REQUIRED ACTION - Could you output every record below exactly, leaving out the pictures?
======== STUDY MATERIAL
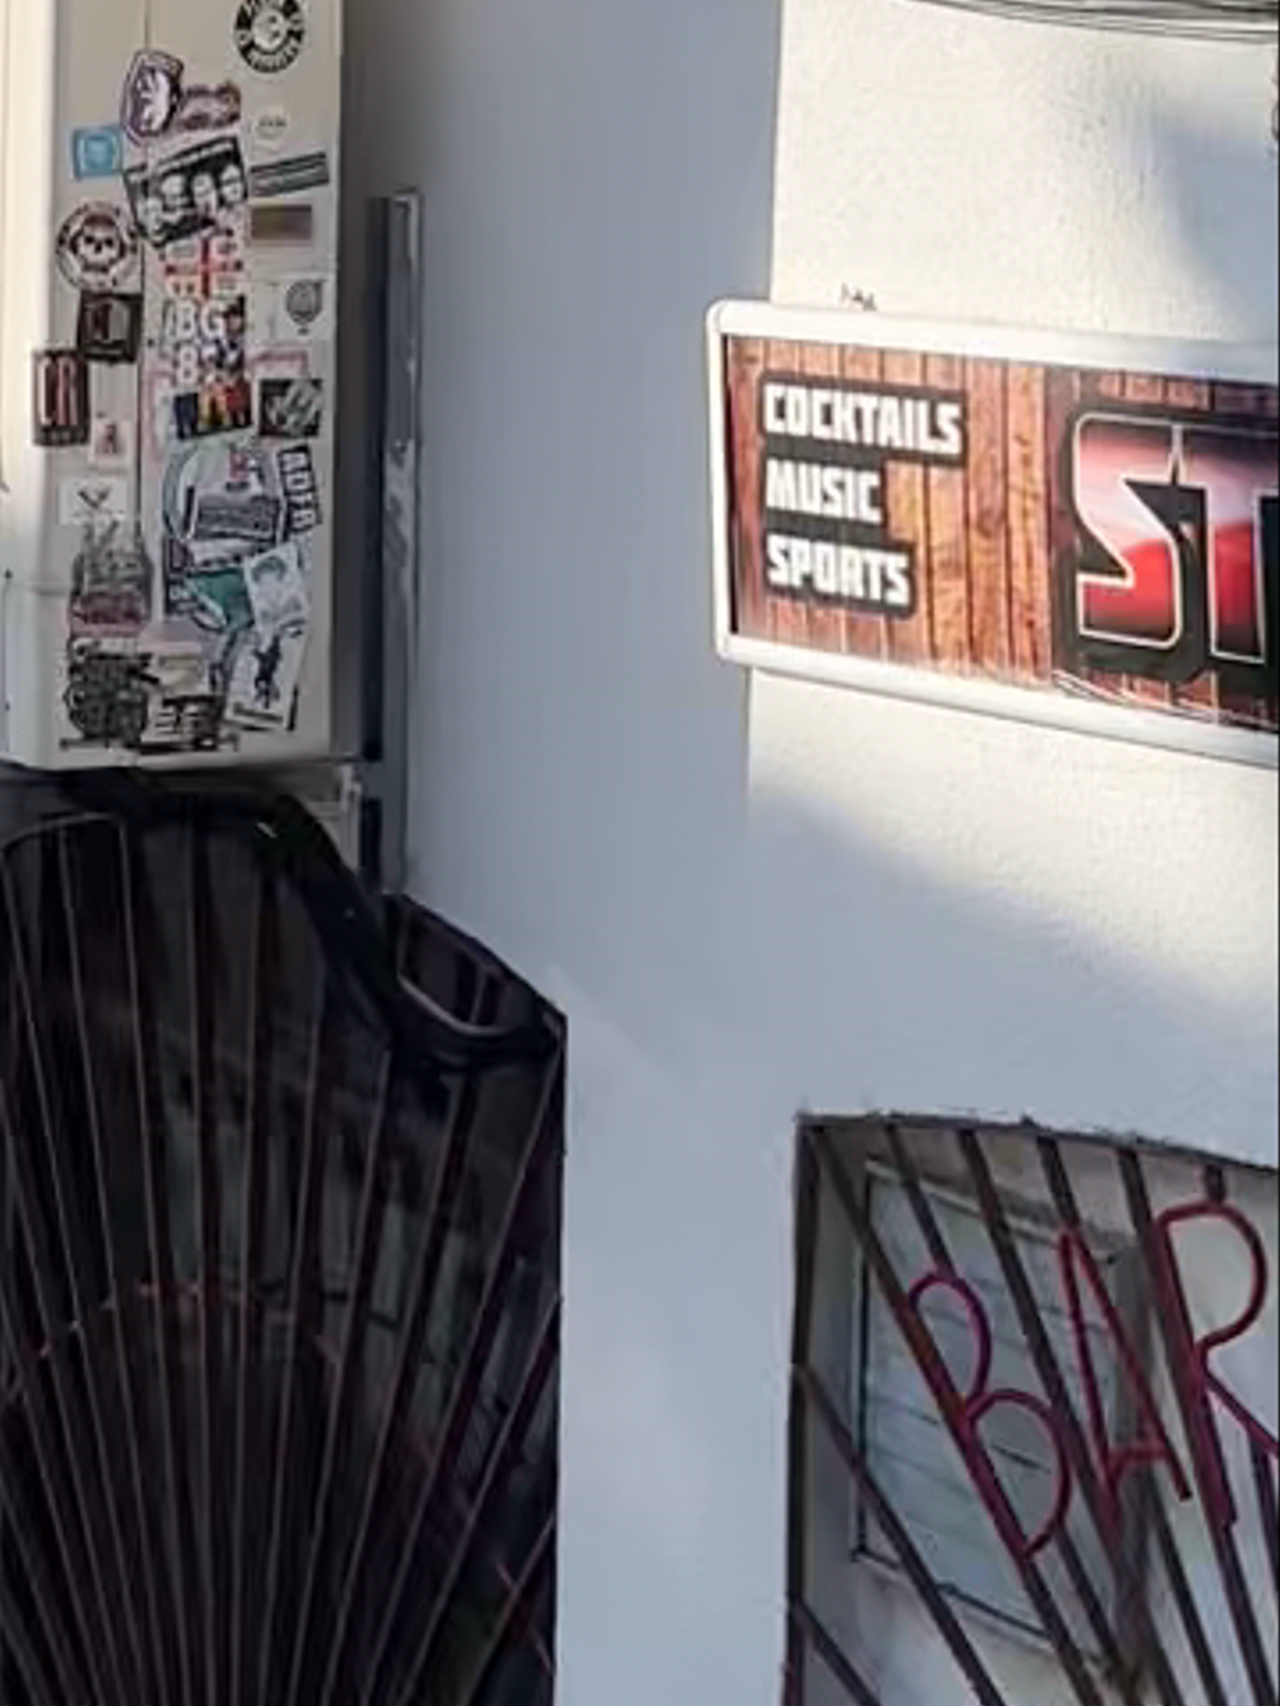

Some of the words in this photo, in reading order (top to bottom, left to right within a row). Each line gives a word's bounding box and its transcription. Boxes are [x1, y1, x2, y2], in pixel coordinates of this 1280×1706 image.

[764, 383, 962, 455] COCKTAILS
[766, 457, 882, 525] MUSIC
[766, 534, 911, 607] SPORTS
[907, 1198, 1278, 1566] BAR
================
ANSWER BOX -
Some of the words in this photo, in reading order (top to bottom, left to right within a row). Each line gives a word's bounding box and its transcription. Boxes are [x1, y1, x2, y2], in pixel coordinates of this 1280×1706 image.

[764, 383, 962, 455] COCKTAILS
[766, 457, 882, 525] MUSIC
[766, 534, 911, 607] SPORTS
[907, 1198, 1278, 1566] BAR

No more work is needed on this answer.